»»

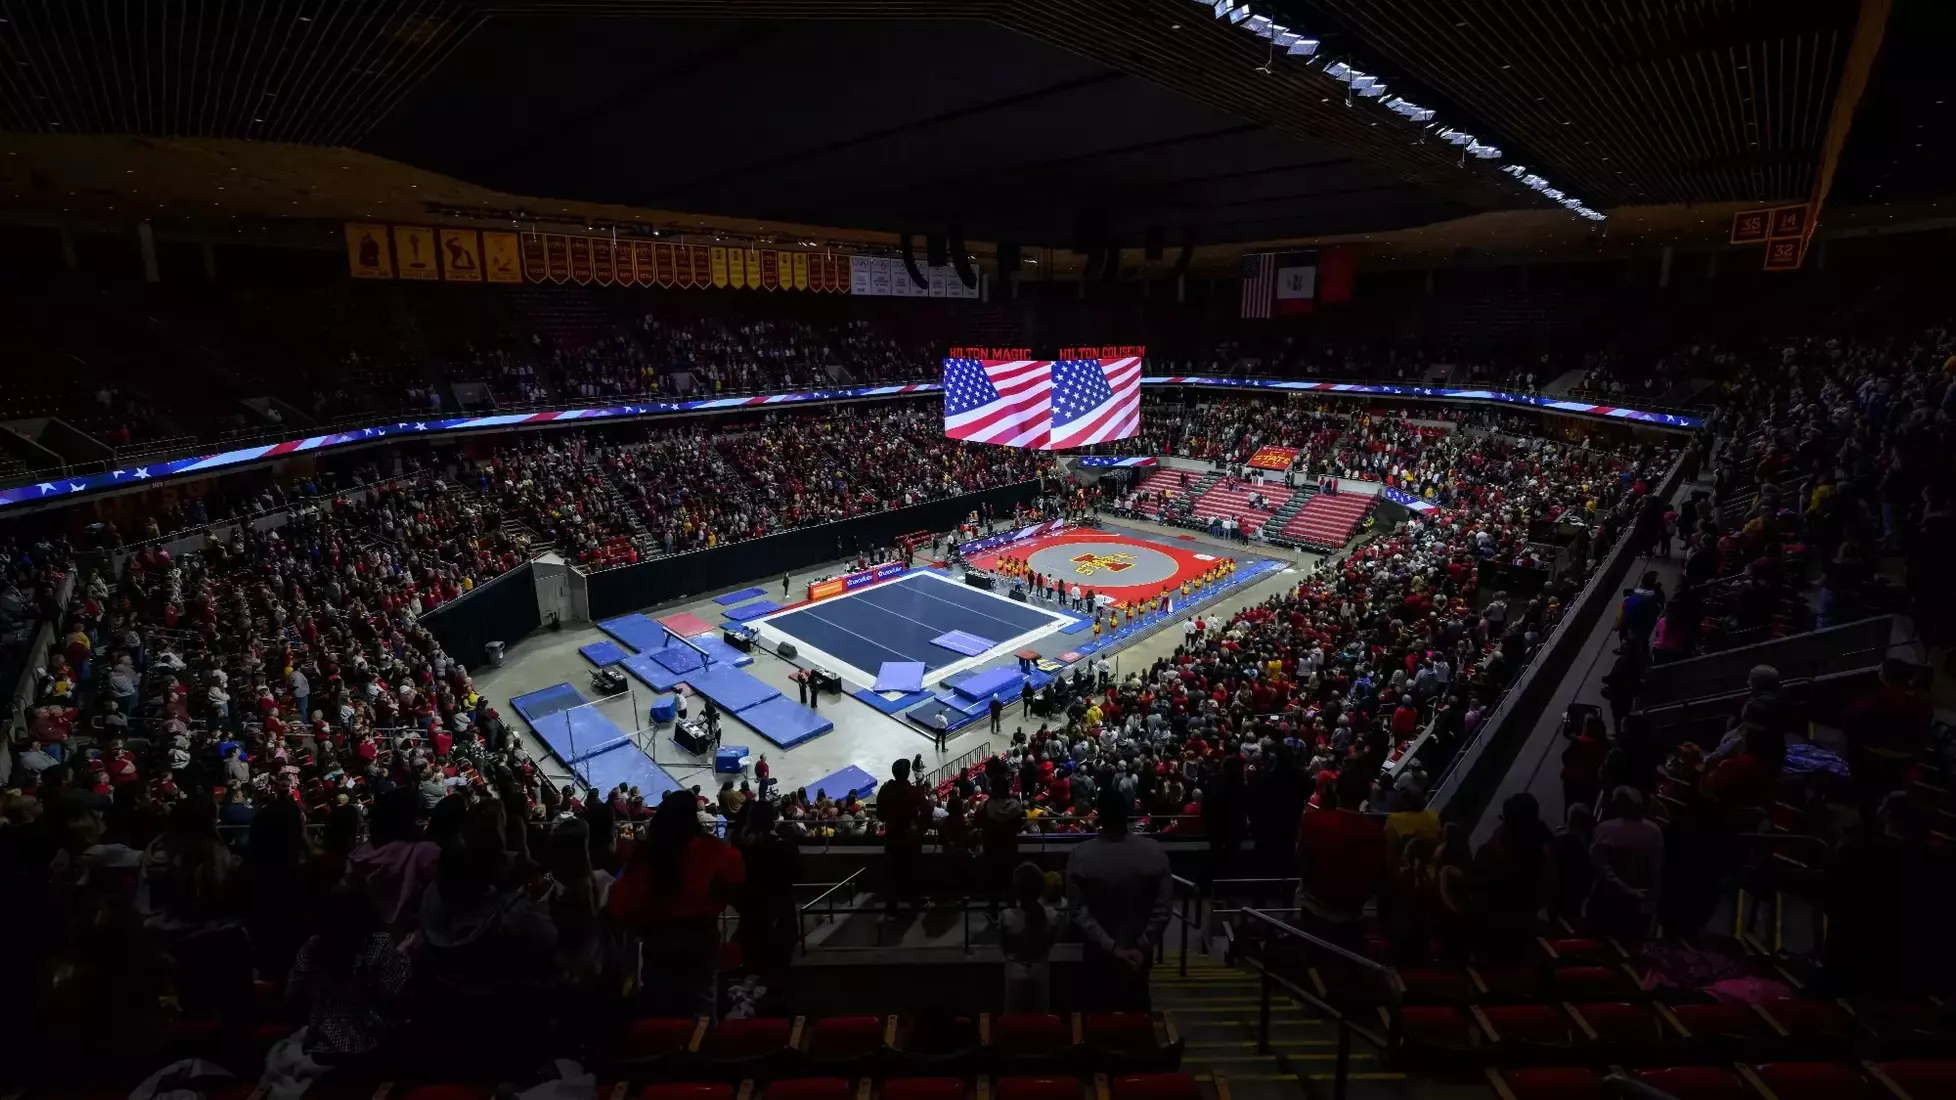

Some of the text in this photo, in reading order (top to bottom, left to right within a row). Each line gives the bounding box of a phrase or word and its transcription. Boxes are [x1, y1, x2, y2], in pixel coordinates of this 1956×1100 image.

[1742, 217, 1761, 231] 35
[1779, 212, 1797, 227] 14
[1773, 243, 1795, 258] 32
[950, 347, 1031, 360] HILTON MAGIC
[1059, 346, 1146, 360] HILTON COLISEUM
[1253, 455, 1291, 465] STATE

««

To do: Omitting the images, transcribe every record exactly.

Reply to the task:
Some of the text in this photo, in reading order (top to bottom, left to right within a row). Each line gives the bounding box of a phrase or word and its transcription. Boxes are [x1, y1, x2, y2], in pixel coordinates of this 1956×1100 image.

[1742, 217, 1761, 231] 35
[1779, 212, 1797, 227] 14
[1773, 243, 1795, 258] 32
[950, 347, 1031, 360] HILTON MAGIC
[1059, 346, 1146, 360] HILTON COLISEUM
[1253, 455, 1291, 465] STATE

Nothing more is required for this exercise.